No one tells you how to fight through these feelings. There’s no one-liner to combat the complexity of imposter syndrome and self-doubt. That’s why you need people. Not a slogan or a mantra — real people who understand you, with whom you can be your authentic self. They can be friends, professors, mentors from co-op or other areas of the University. They’ll anchor you to your true essence, to your dreams and your goals. They’ll be there to push you in the times that you’re unable to push yourself.

Find them. Soon. And hold onto them. And just as importantly, learn to let go of the opportunities that aren’t for you, of the people who aren’t your people. Just because there’s something out there for everyone doesn’t mean that everything out there is for you.

The other thing about all this great advice is that when you ask the giver how it can be achieved, you’ll usually get a complicated answer, if you receive one at all.

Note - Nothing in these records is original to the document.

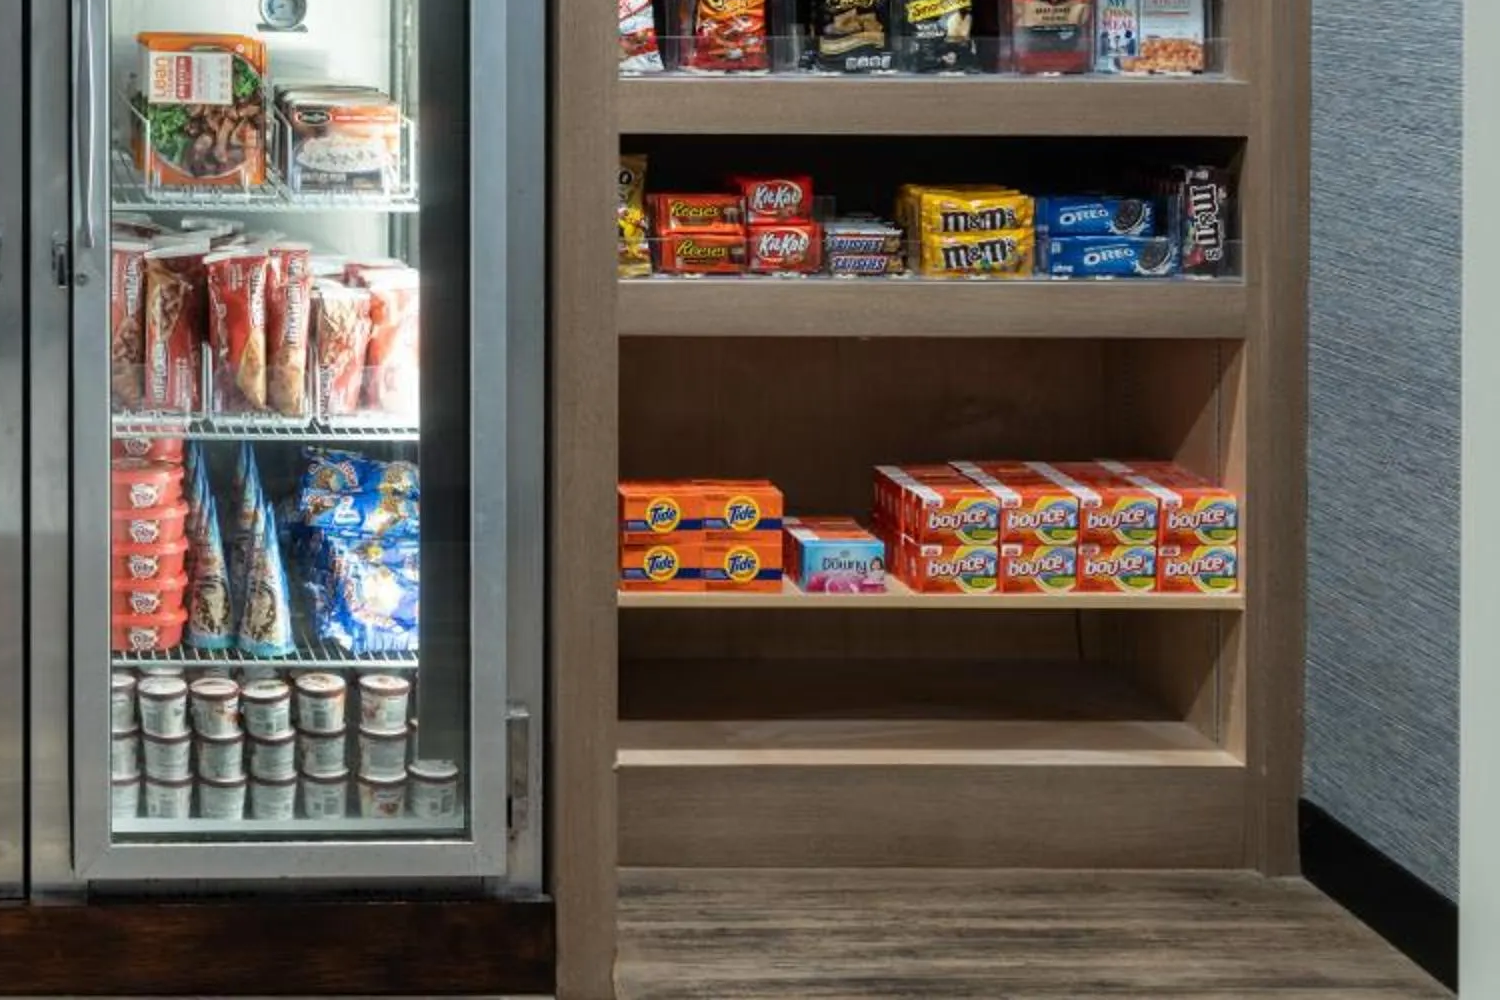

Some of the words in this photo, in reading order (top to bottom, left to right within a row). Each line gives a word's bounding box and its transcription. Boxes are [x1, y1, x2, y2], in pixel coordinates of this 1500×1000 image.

[1059, 210, 1109, 225] OREO
[1083, 248, 1134, 266] OREO
[650, 507, 677, 525] Tide
[729, 505, 756, 524] Tide
[929, 509, 987, 529] bounce
[1008, 509, 1066, 528] bounce
[1088, 509, 1145, 528] bounce
[1169, 509, 1225, 528] bounce
[648, 554, 675, 573] Tide
[729, 556, 756, 574] Tide
[822, 556, 867, 575] Downy
[928, 557, 985, 576] bounce
[1008, 556, 1063, 576] bounce
[1086, 556, 1142, 576] bounce
[1166, 556, 1222, 576] bounce

My advice for how to find your people is no different. All I can do is relay my own experience.

When I came to Drexel in 2016, our chapter of the NAACP had just been started. The chapter had a meeting space in what is now the Academic Building and that became a place on campus for Black and brown students to go and hang out — a safe space we created for ourselves. Fast forward to 2020 and the climate around the pandemic and the civil unrest following the murder of George Floyd. Drexel understood that Black students wanted answers and wanted a space to feel safe once again. Thus, the Center for Black Culture (CBC) came to fruition and I was so happy to help make it what it has become today as a member of the first Advisory Board.

The CBC is where I found my village, my people, my home away from home. It’s time for you to find yours, and you will. Find the place and the people who make you feel safe, who embrace all that you are — every facet of your identity. You won’t find this everywhere. Just because you are welcome somewhere doesn’t mean it’s where you feel most at home.

Bynum (left) and Roberta Waite, EdD, professor in doctoral nursing and associate dean of Community-Centered Health & Wellness and Academic Integration, posing together at the Macy Undergraduate Leadership Fellows Program award ceremony.

And even within these cherished spaces, it’s important to respect differences. Through the CBC, I learned that everyone’s Blackness is different. Whether you're a Caribbean, African, African-American, whether you grew up in a suburb or a city, we are all under this umbrella term of being Black or African-American, but all of our identity bases and our cultures are different. And these differences are not only respected, they are celebrated. No one is expected to conform. No one is expected to be someone they’re not.

Over time, living on campus, you’ll figure all this out for yourself. You’ll find your friend group, your home away from home, the people who accept you and understand you, who care about you and find joy in watching you succeed.

They’ll be there to help you and support you.

They’ll enable you step out of your comfort zone.

They’ll share or support your interests, and respect and celebrate your differences.

Knowing them will give you the opportunity to be the best version of yourself you could ever be.